Exercise requirements >> As an exercise, transcribe the data below in full and exactly, omitting pictures.

━━━━━━━━

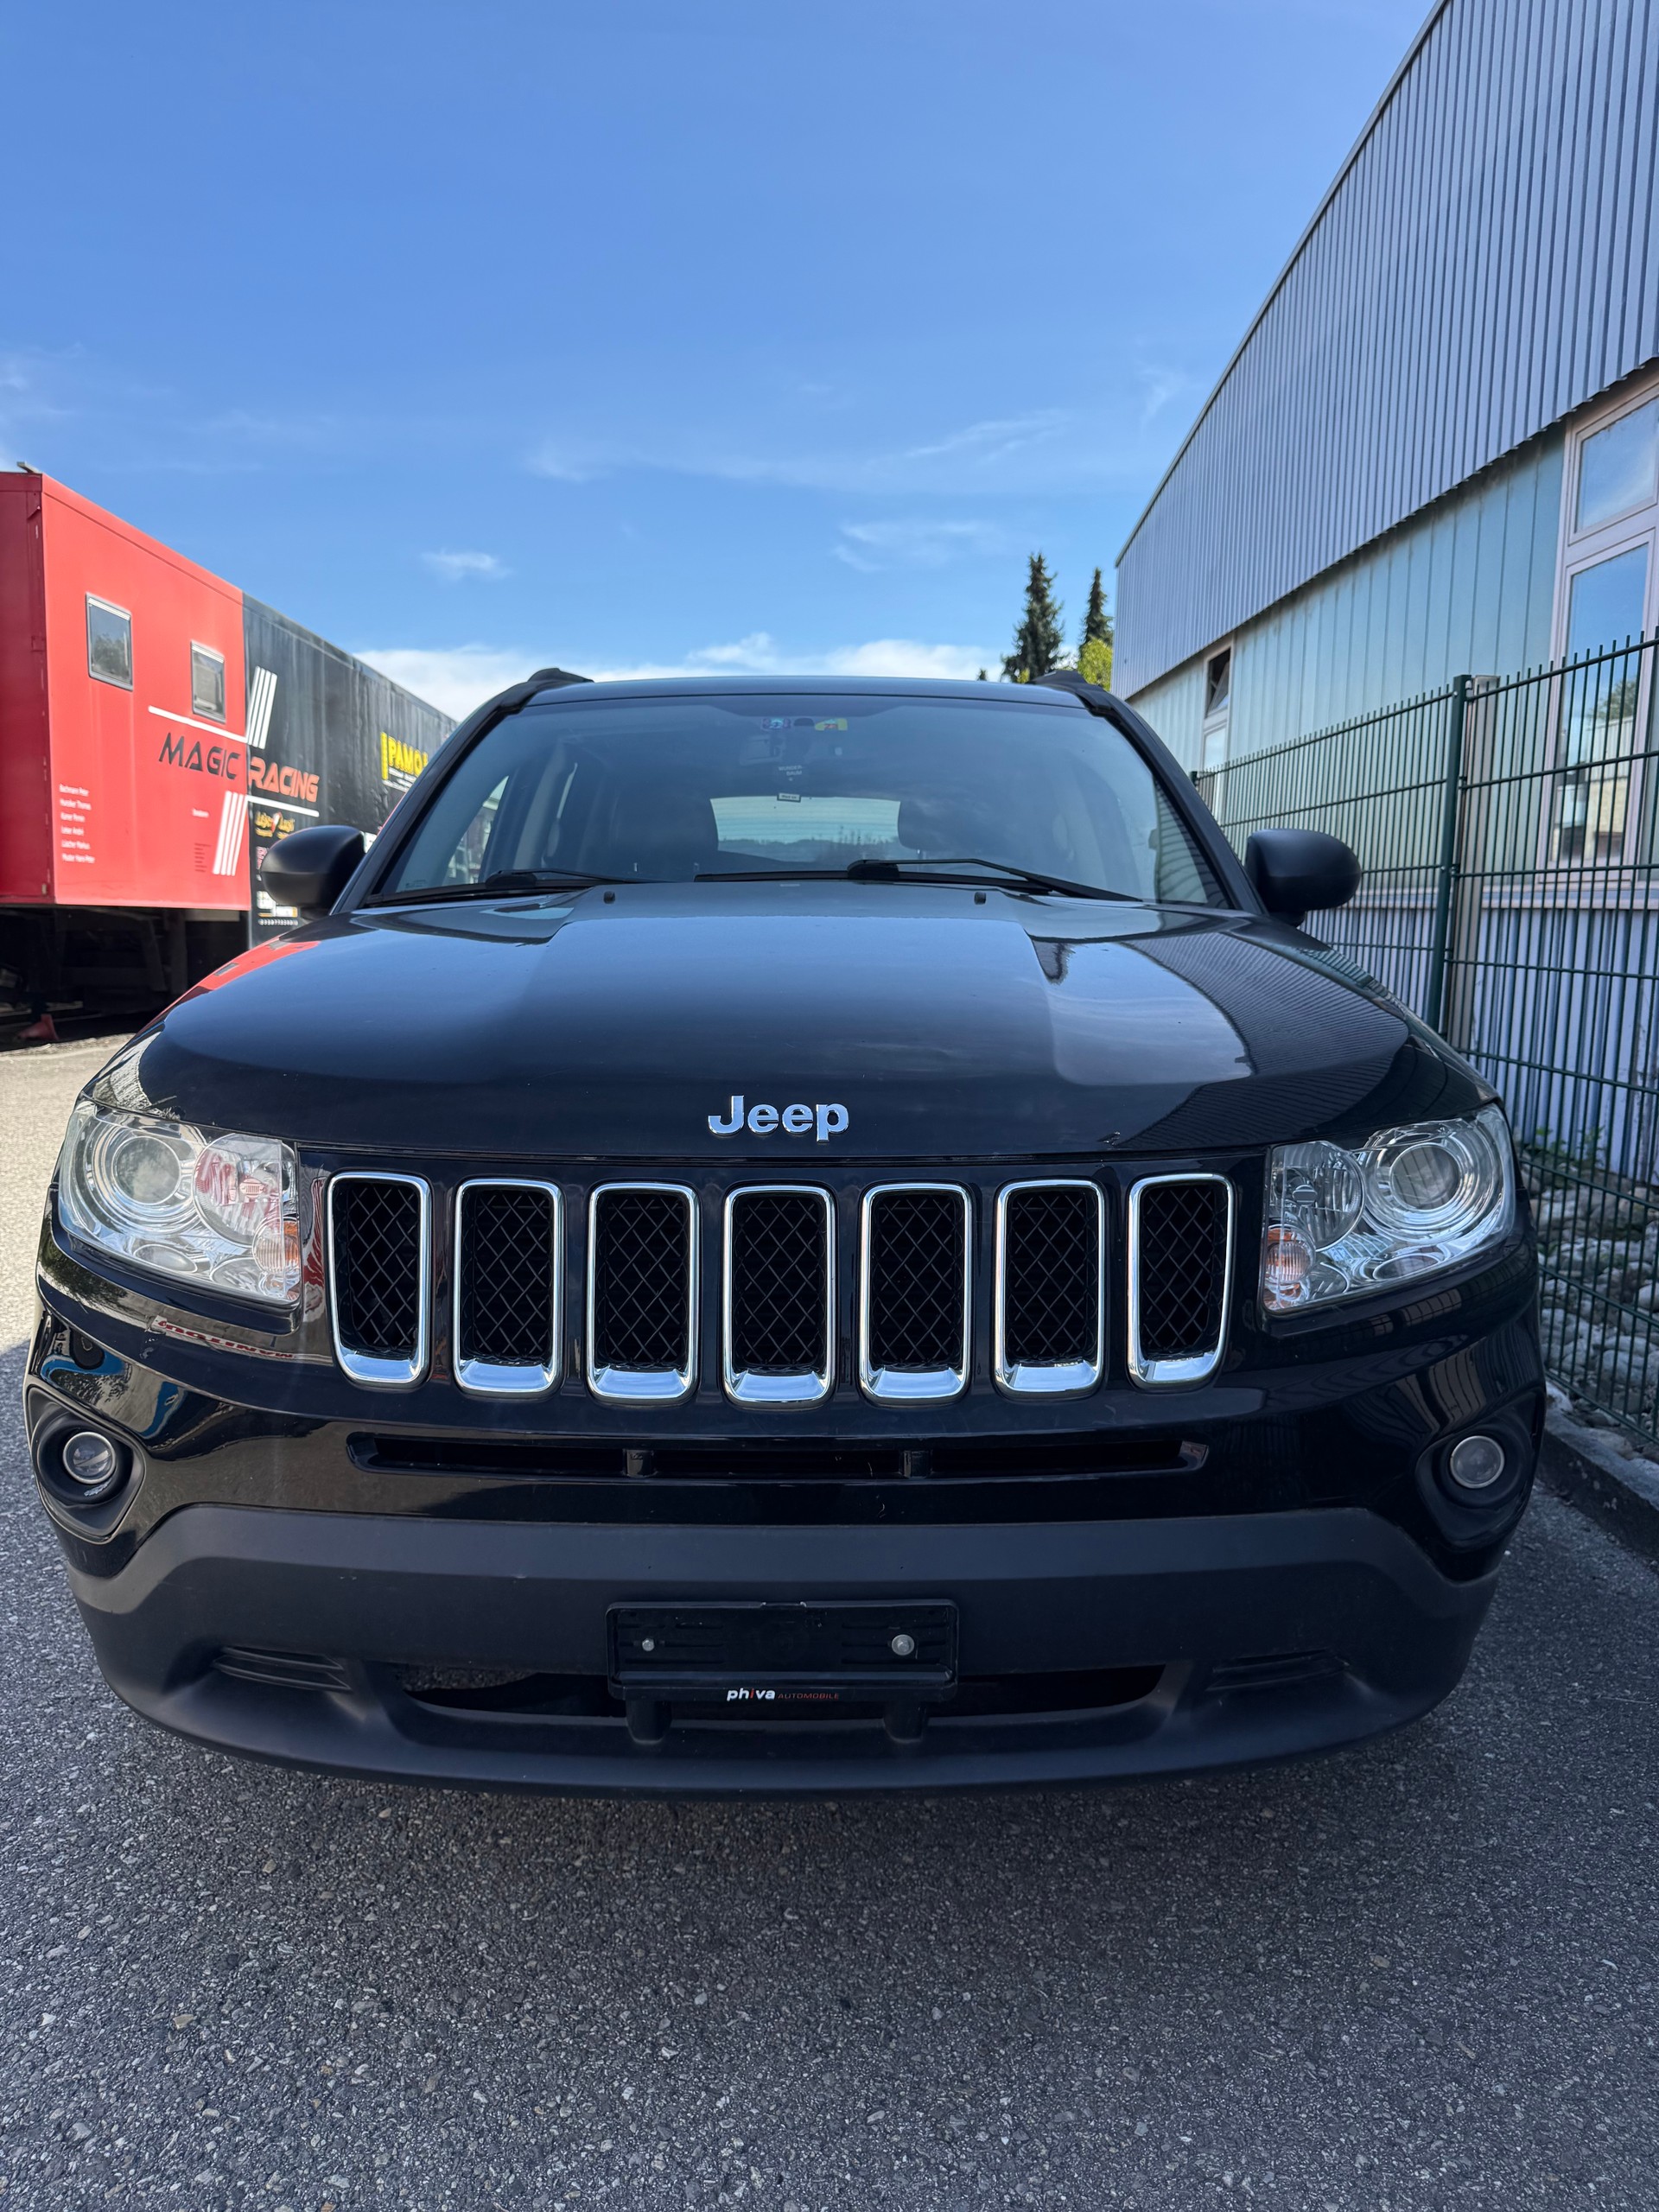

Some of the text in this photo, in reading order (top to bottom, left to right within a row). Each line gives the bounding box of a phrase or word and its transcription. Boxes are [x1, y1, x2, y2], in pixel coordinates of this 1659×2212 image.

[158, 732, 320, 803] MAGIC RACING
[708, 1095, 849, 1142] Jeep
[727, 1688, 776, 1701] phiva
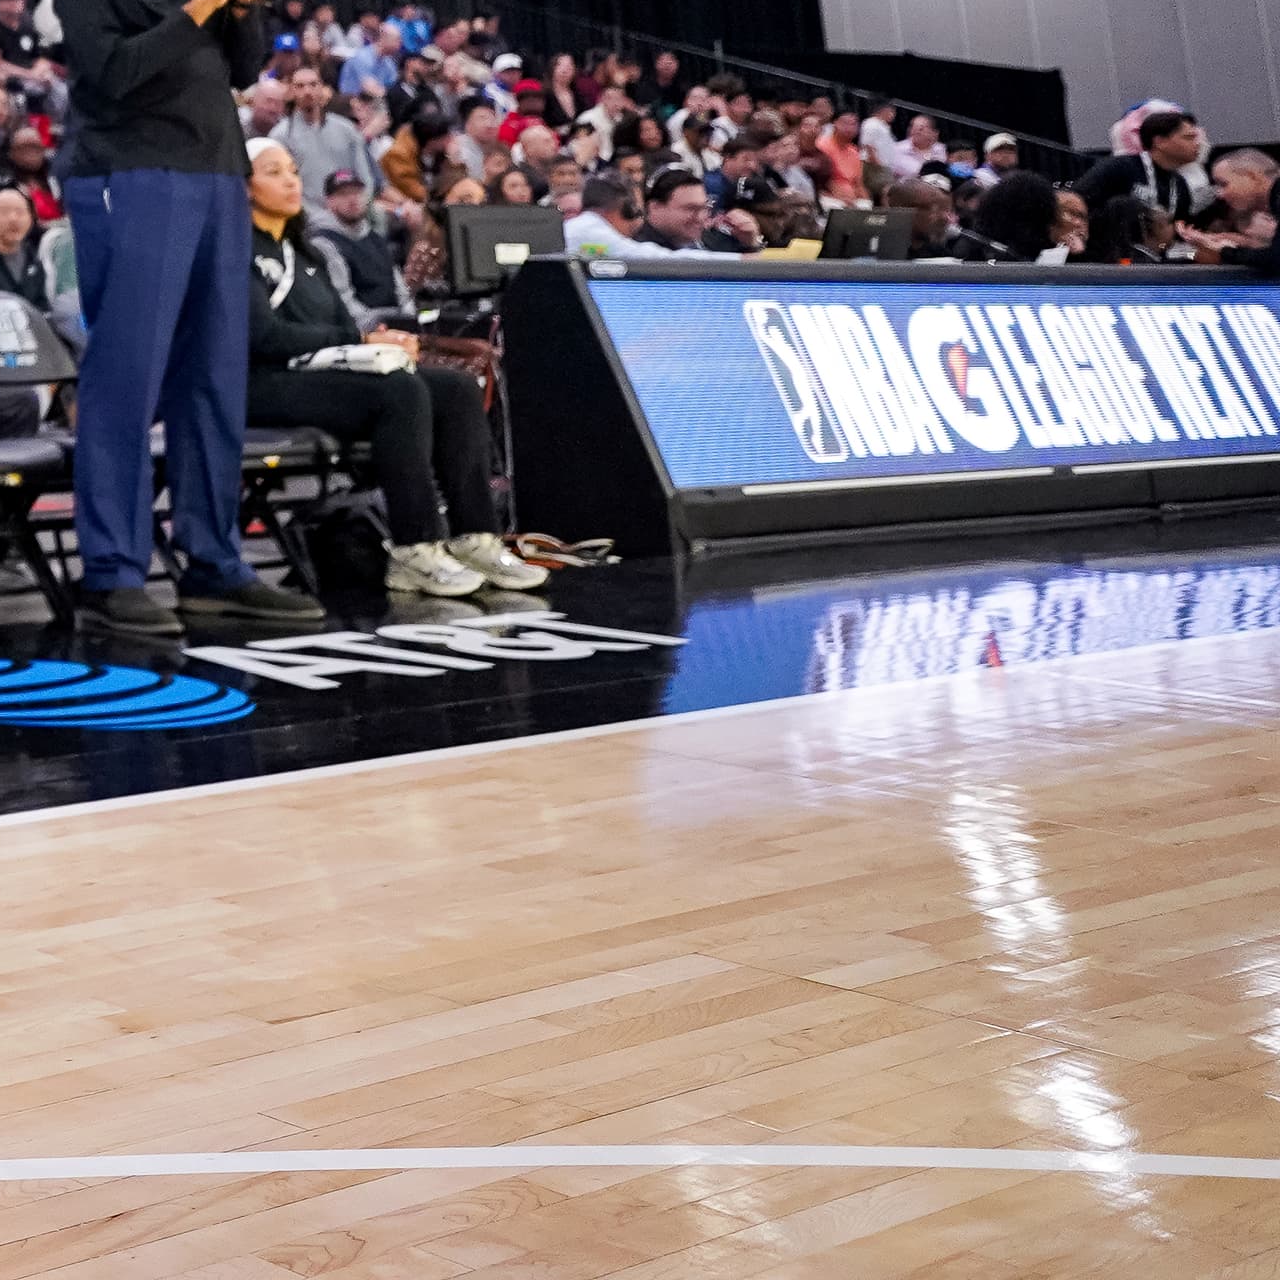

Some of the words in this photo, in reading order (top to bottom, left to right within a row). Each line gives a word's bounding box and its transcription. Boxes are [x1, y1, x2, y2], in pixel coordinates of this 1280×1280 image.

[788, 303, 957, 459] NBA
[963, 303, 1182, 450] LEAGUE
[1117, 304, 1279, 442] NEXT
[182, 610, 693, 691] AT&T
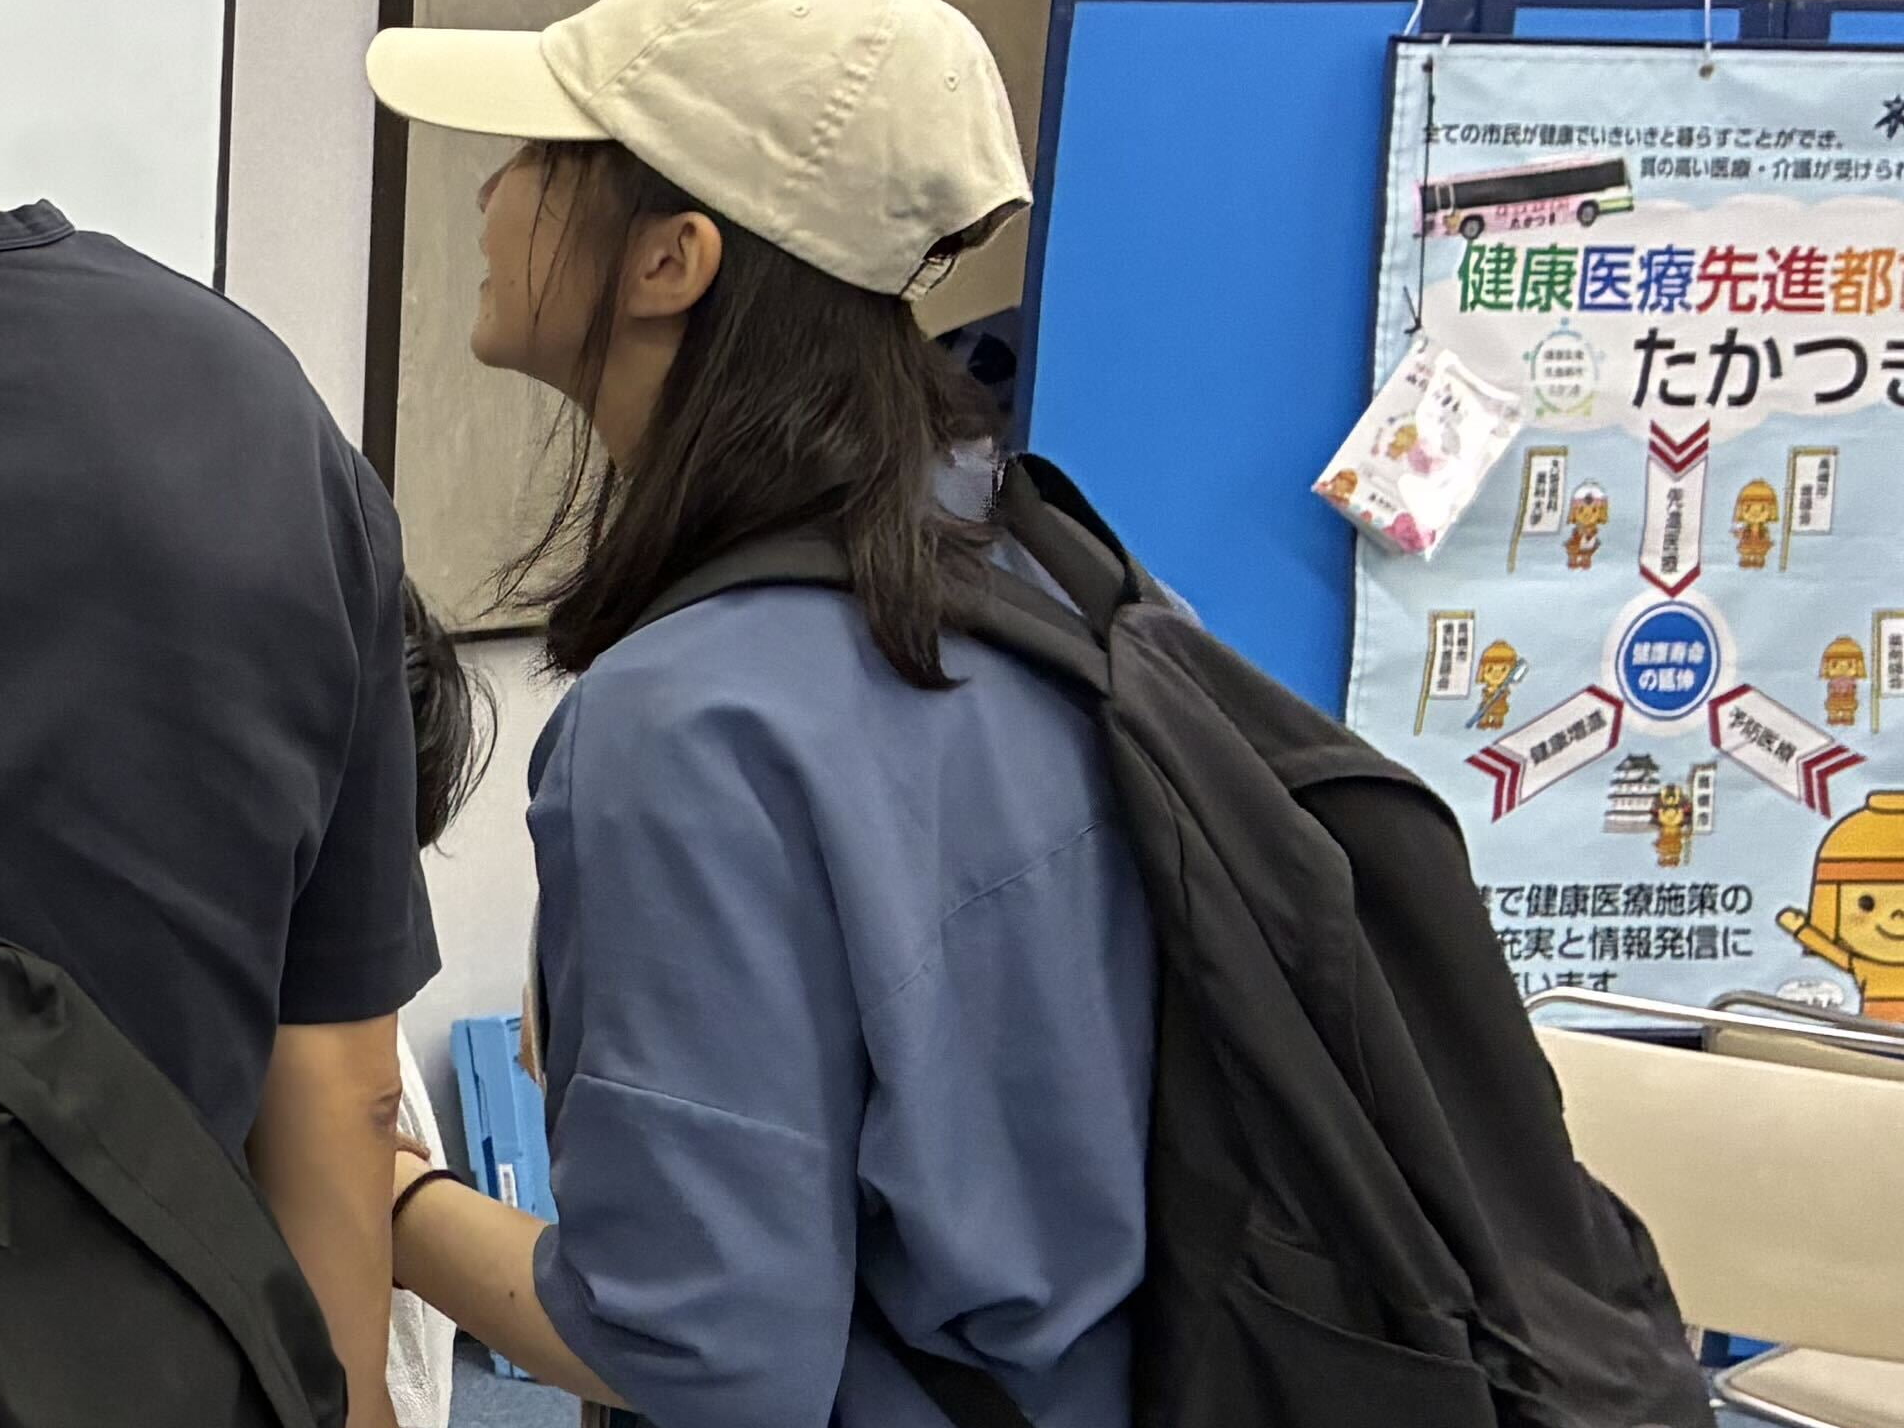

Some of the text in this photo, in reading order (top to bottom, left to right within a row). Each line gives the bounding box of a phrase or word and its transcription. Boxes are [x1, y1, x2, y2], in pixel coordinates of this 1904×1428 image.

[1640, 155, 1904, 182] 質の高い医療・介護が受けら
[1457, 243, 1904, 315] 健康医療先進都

━━━━━━━━

Answer section >>
Some of the text in this photo, in reading order (top to bottom, left to right within a row). Each line gives the bounding box of a phrase or word and its transcription. Boxes are [x1, y1, x2, y2], in pixel coordinates of this 1659×2212 image.

[158, 732, 320, 803] MAGIC RACING
[708, 1095, 849, 1142] Jeep
[727, 1688, 776, 1701] phiva

Some of the words in this photo, in reading order (top to bottom, left to right within a row). Each line gives a word's bounding box and its transcription. Boxes are [x1, y1, x2, y2], in pixel coordinates of this 1280×1280 image.

[788, 303, 957, 459] NBA
[963, 303, 1182, 450] LEAGUE
[1117, 304, 1279, 442] NEXT
[182, 610, 693, 691] AT&T

Some of the text in this photo, in reading order (top to bottom, left to right within a row). Each line gives the bounding box of a phrase or word and its transcription. Boxes are [x1, y1, x2, y2], in pixel coordinates of this 1904×1428 image.

[1640, 155, 1904, 182] 質の高い医療・介護が受けら
[1457, 243, 1904, 315] 健康医療先進都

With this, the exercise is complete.